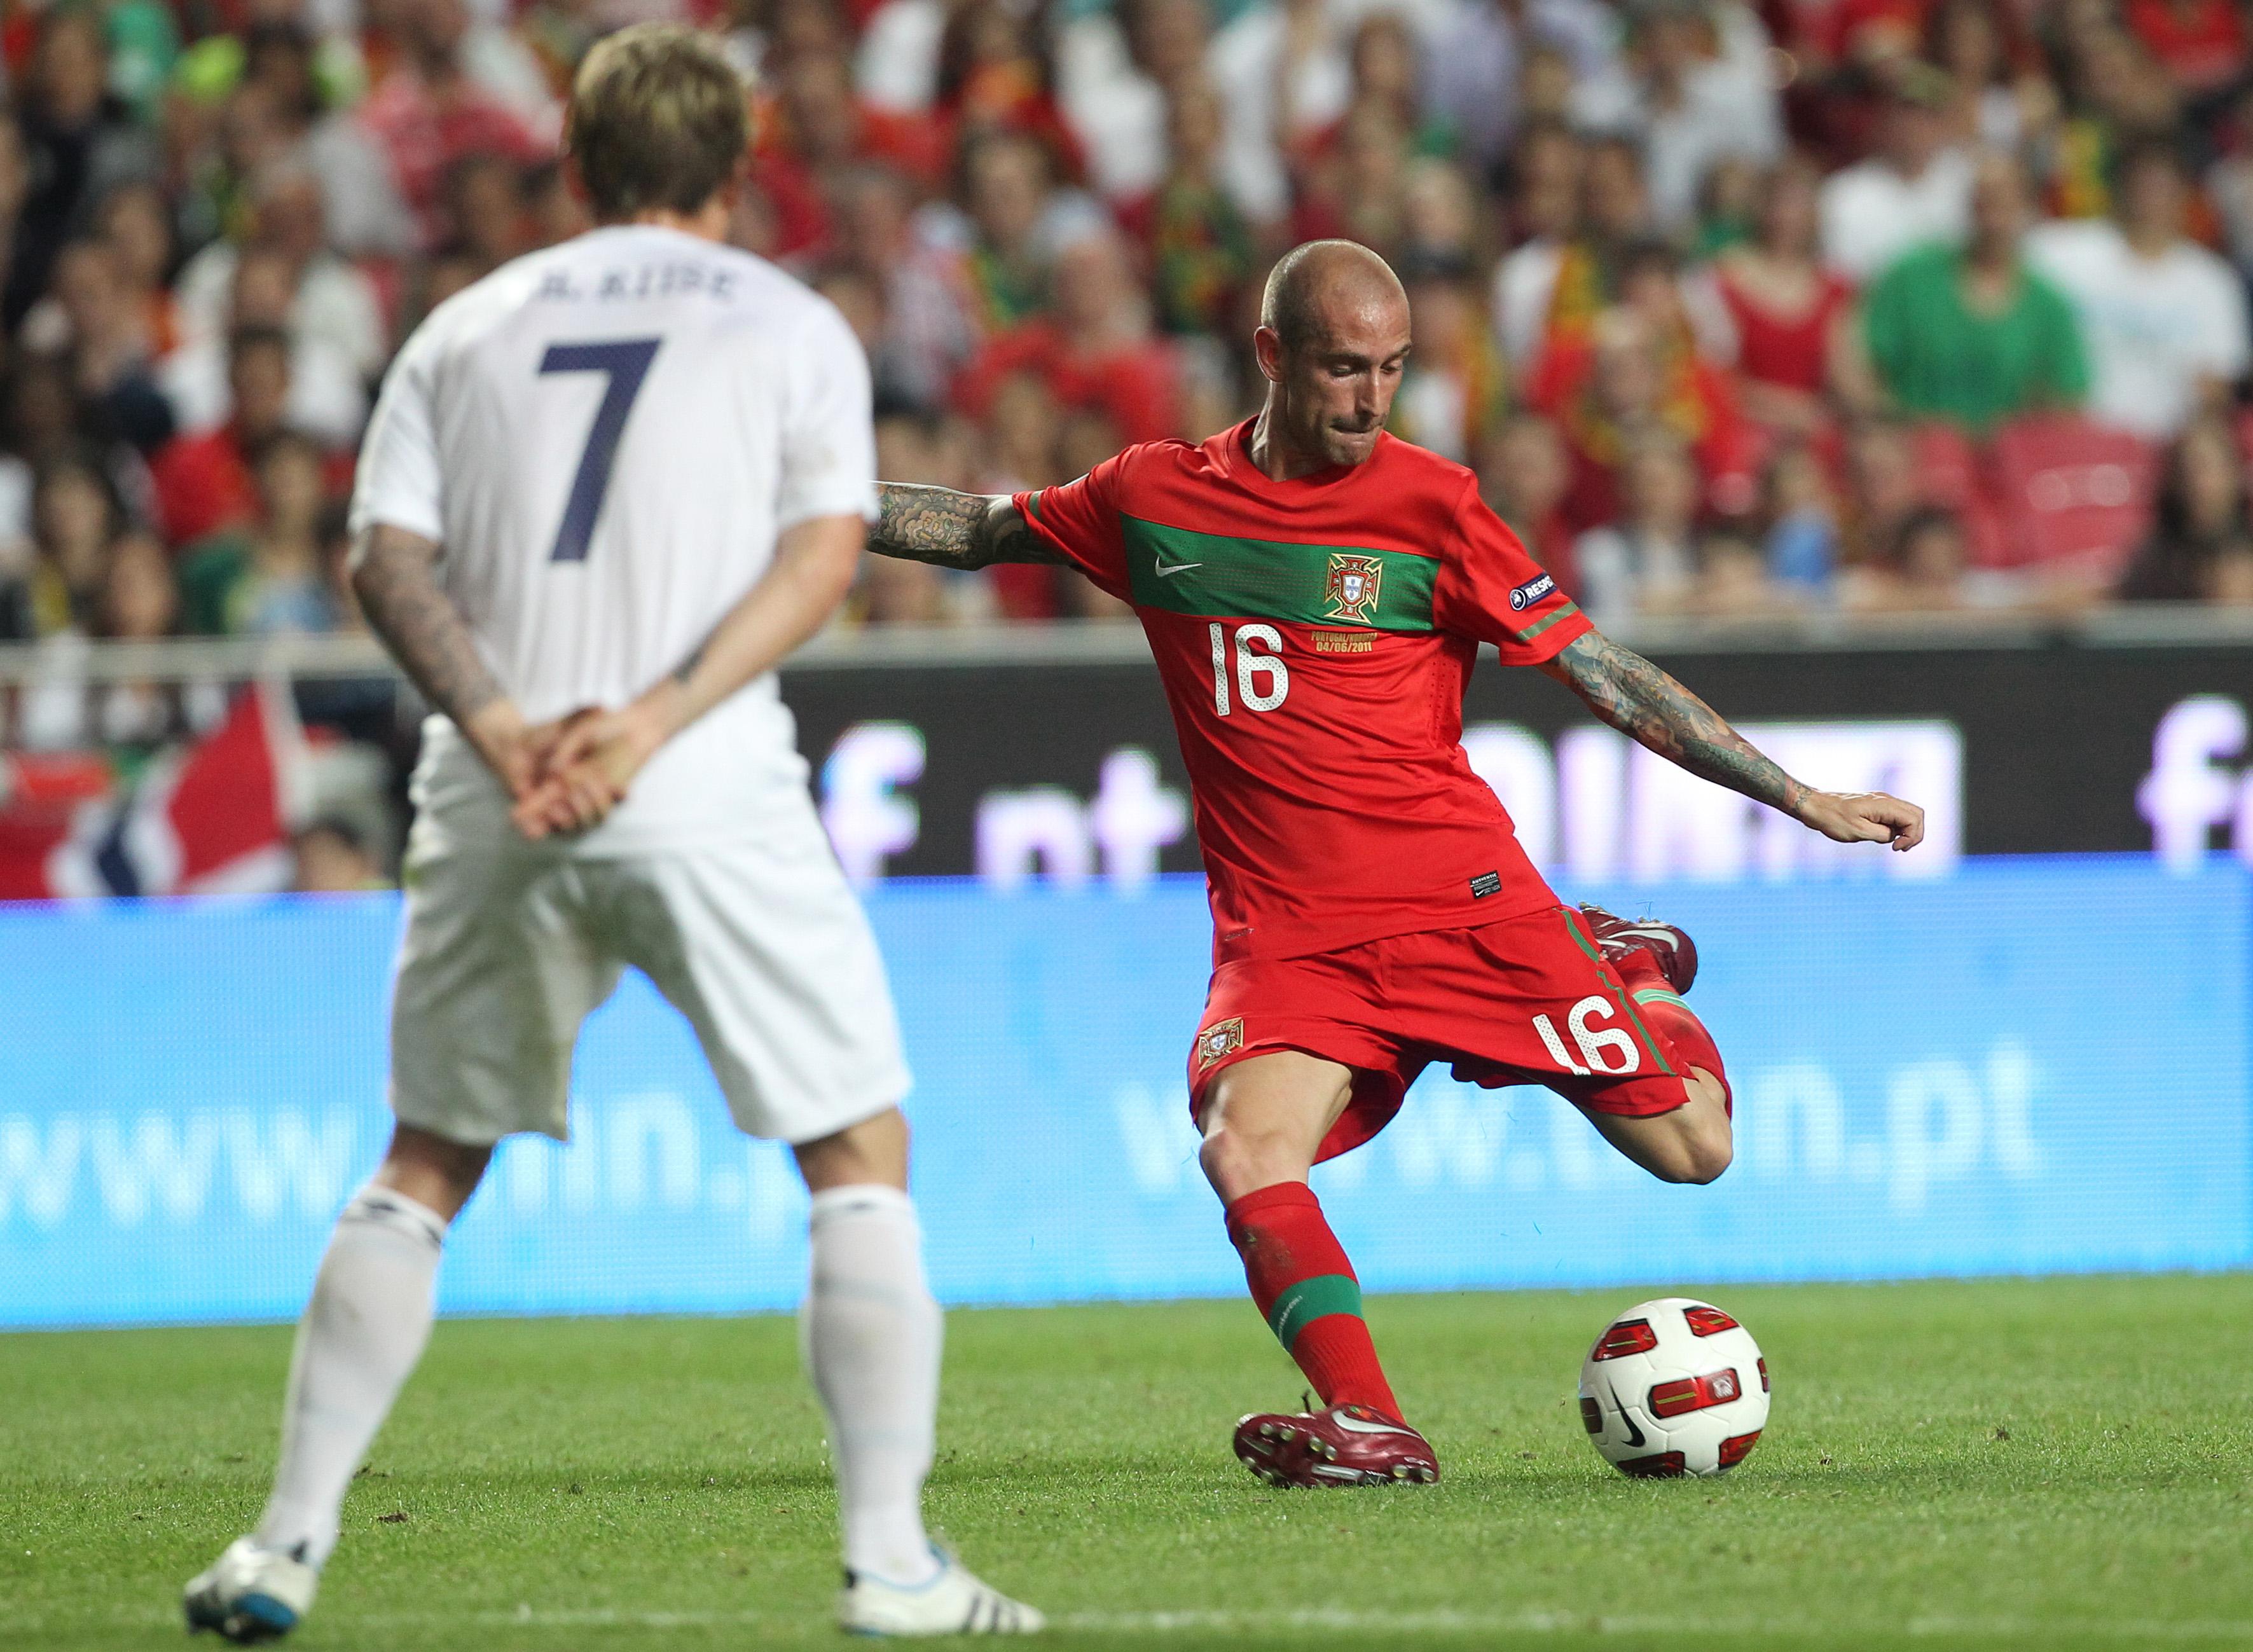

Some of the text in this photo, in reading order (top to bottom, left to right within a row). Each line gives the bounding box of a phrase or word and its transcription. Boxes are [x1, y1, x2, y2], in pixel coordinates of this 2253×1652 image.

[539, 338, 662, 562] 7
[1524, 574, 1554, 600] RESPE
[1208, 622, 1290, 717] 16
[1316, 640, 1372, 653] 04/06/2011
[1531, 995, 1641, 1076] 16
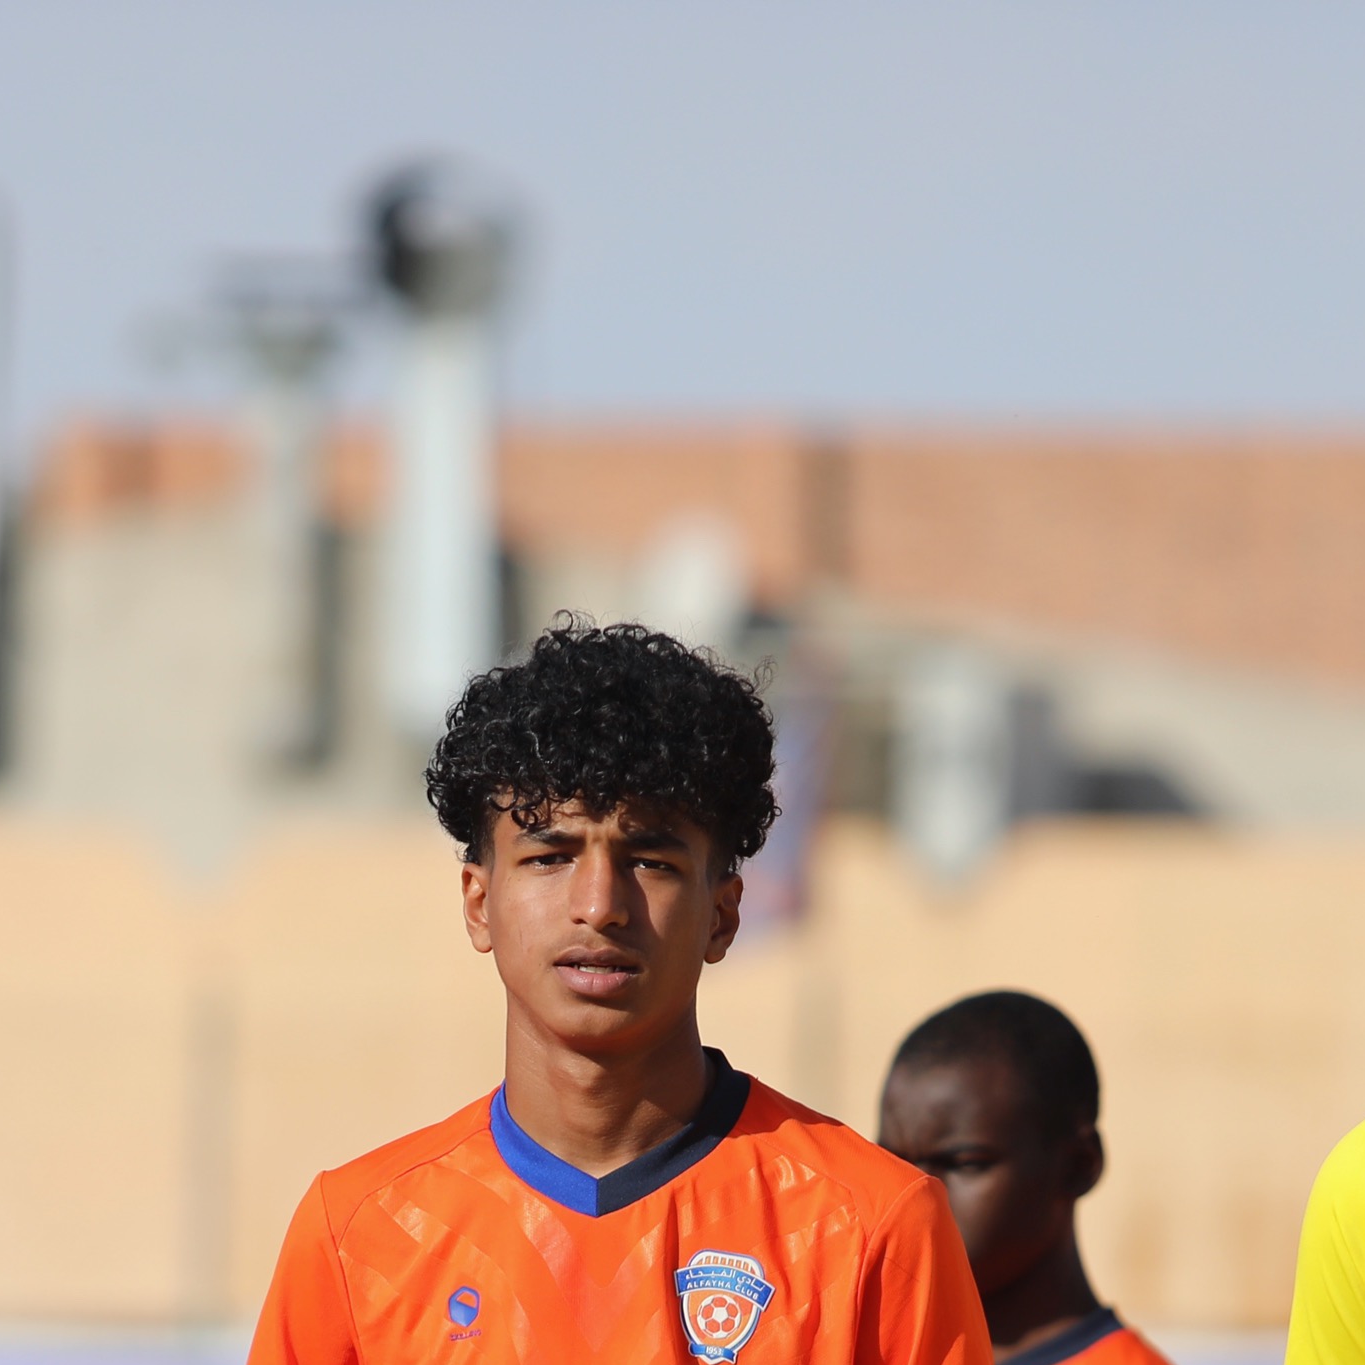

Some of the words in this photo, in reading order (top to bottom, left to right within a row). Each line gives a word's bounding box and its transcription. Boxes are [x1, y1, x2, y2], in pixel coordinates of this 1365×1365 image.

[687, 1280, 731, 1290] ALFAYHA
[735, 1284, 759, 1300] CLUB
[706, 1346, 723, 1356] 1953
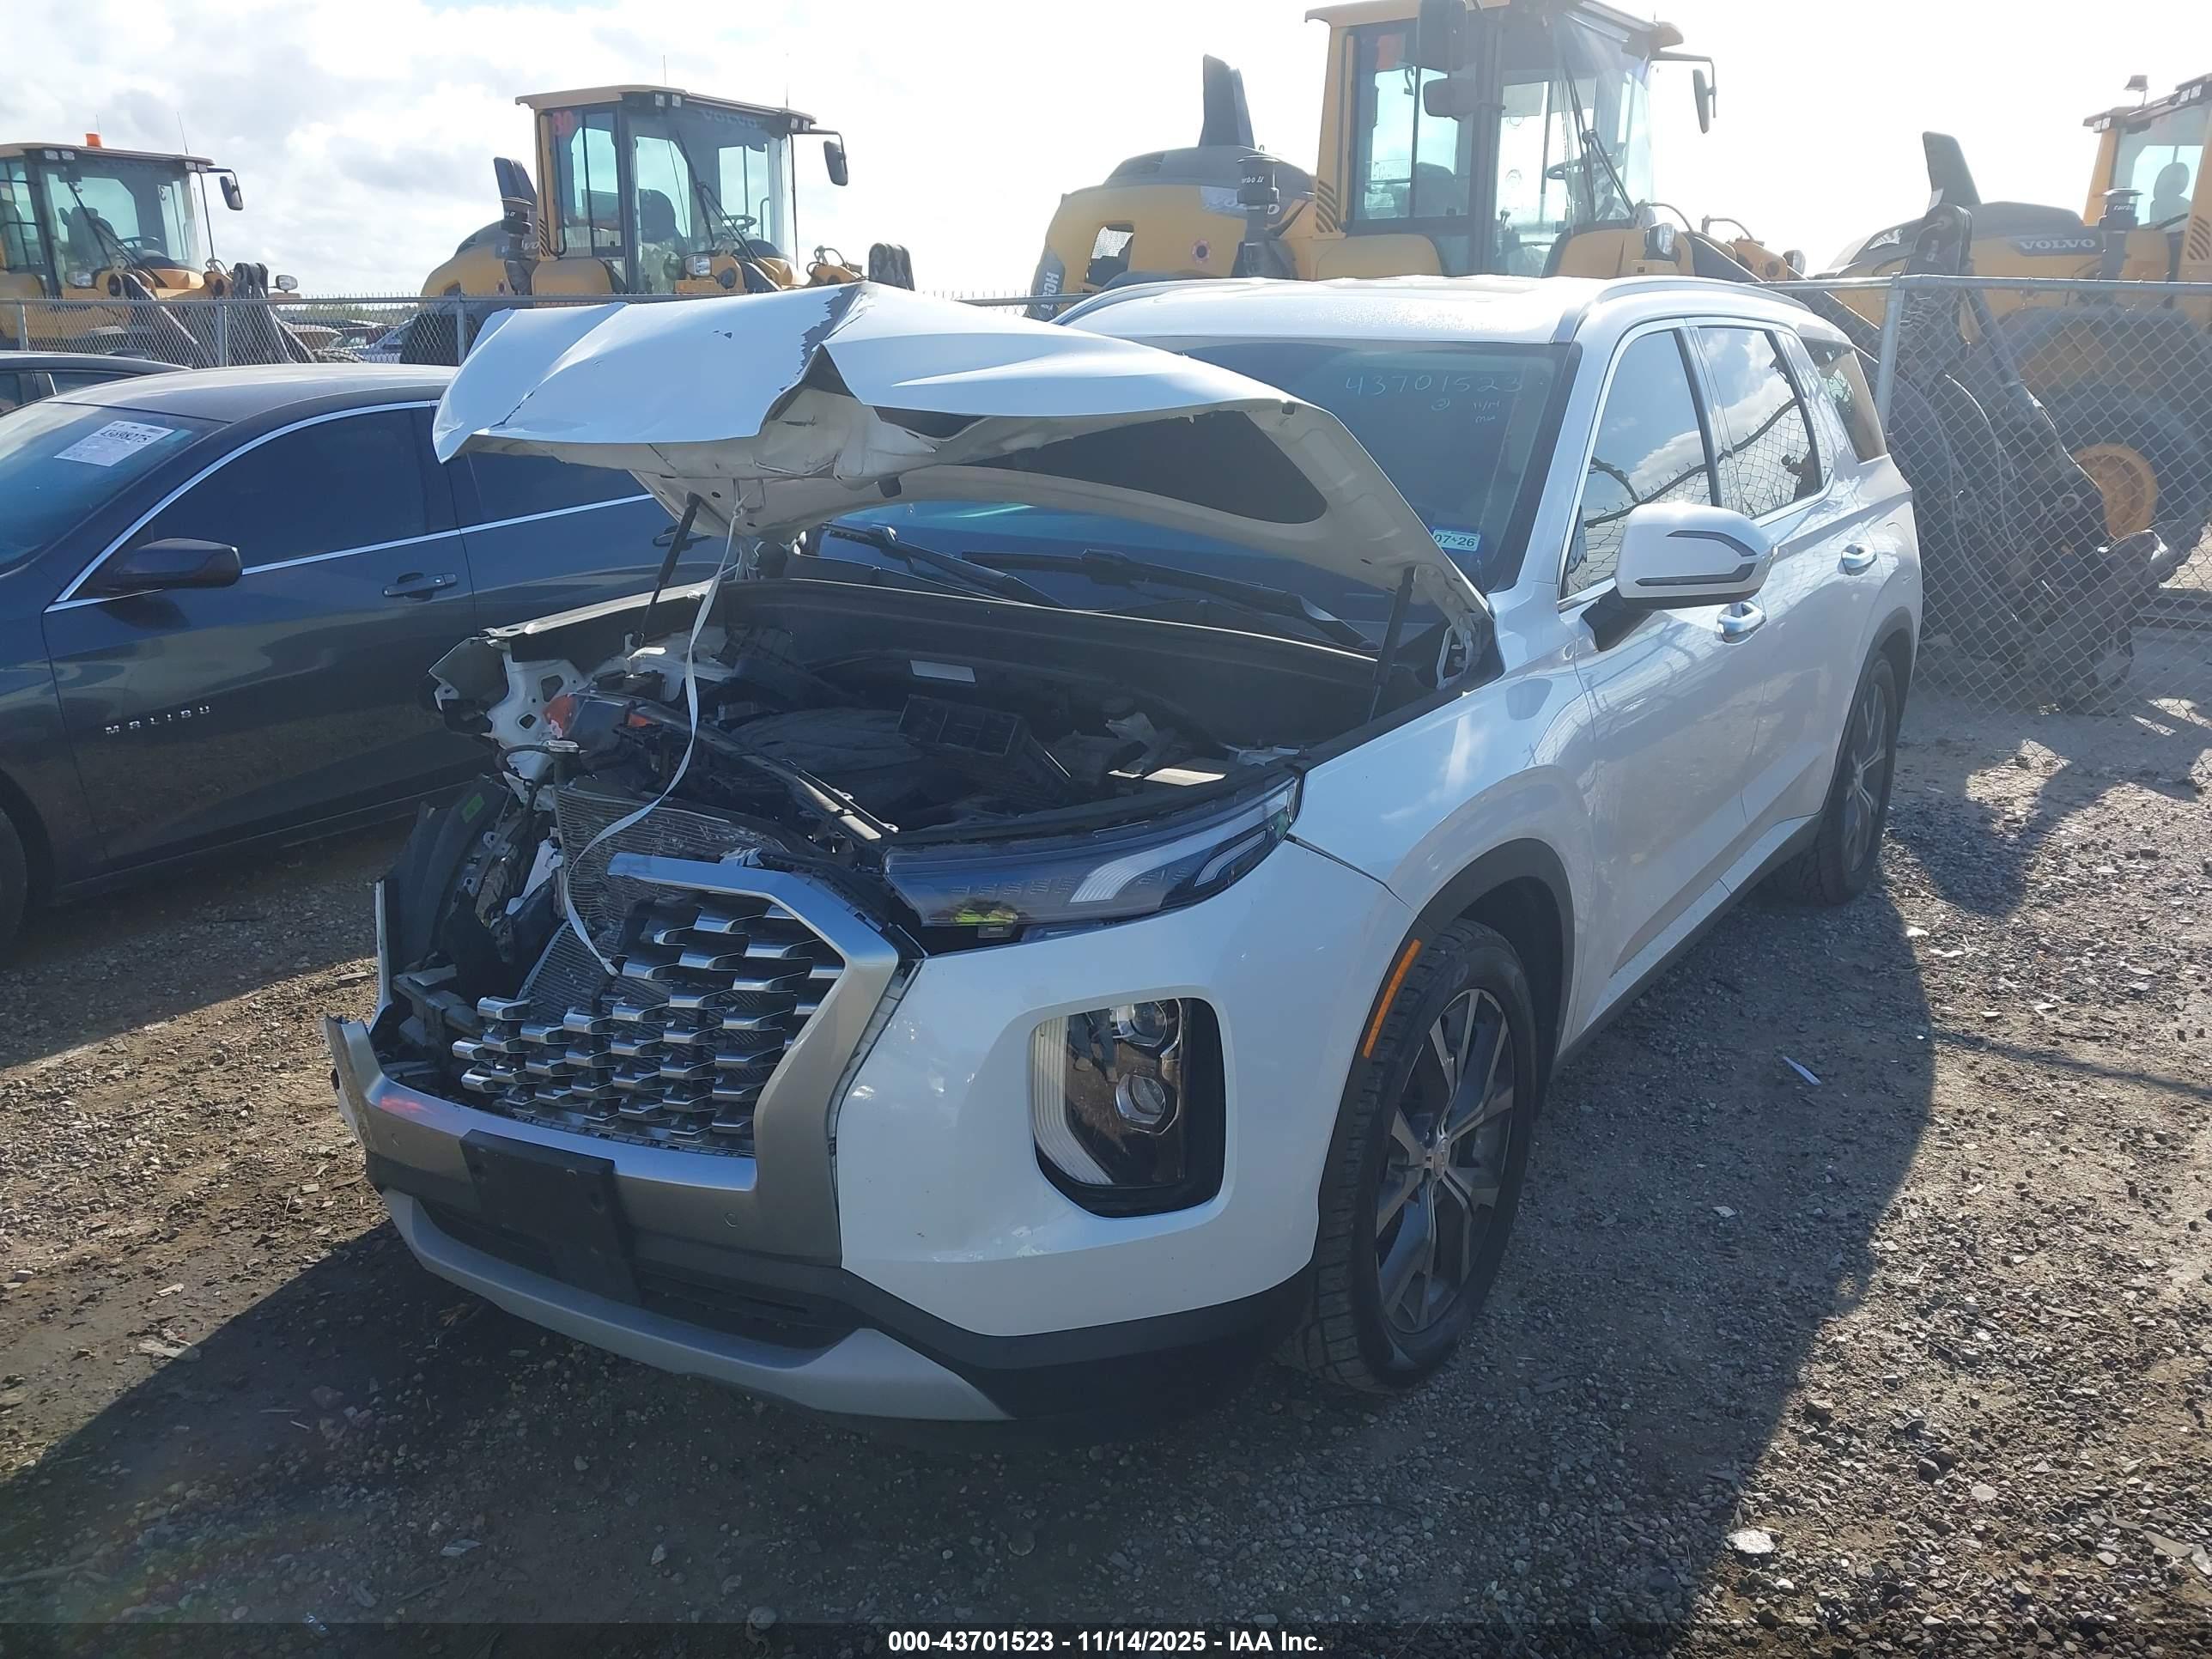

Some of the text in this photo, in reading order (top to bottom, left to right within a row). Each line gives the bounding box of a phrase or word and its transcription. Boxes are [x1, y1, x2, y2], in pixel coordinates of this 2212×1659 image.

* PROBLEM TO SOLVE
Using the data above, print every line exactly, omitting pictures.

* YOUR SOLUTION
Some of the text in this photo, in reading order (top to bottom, left to right within a row). Each line gives the bounding box of a phrase or word and its transcription. Boxes are [x1, y1, x2, y2], in pixel coordinates of this 2253×1652 image.

[539, 338, 662, 562] 7
[1524, 574, 1554, 600] RESPE
[1208, 622, 1290, 717] 16
[1316, 640, 1372, 653] 04/06/2011
[1531, 995, 1641, 1076] 16

Some of the words in this photo, in reading order (top to bottom, left to right within a row). Each line gives a word's bounding box and its transcription. Boxes are [x1, y1, x2, y2], in pixel coordinates of this 1365×1365 image.

[687, 1280, 731, 1290] ALFAYHA
[735, 1284, 759, 1300] CLUB
[706, 1346, 723, 1356] 1953

Some of the text in this photo, in reading order (top to bottom, left to right within a row). Each line gives the bounding box of a phrase or word and its transcription. Boxes are [x1, y1, x2, y2], in pixel coordinates of this 2212×1659 image.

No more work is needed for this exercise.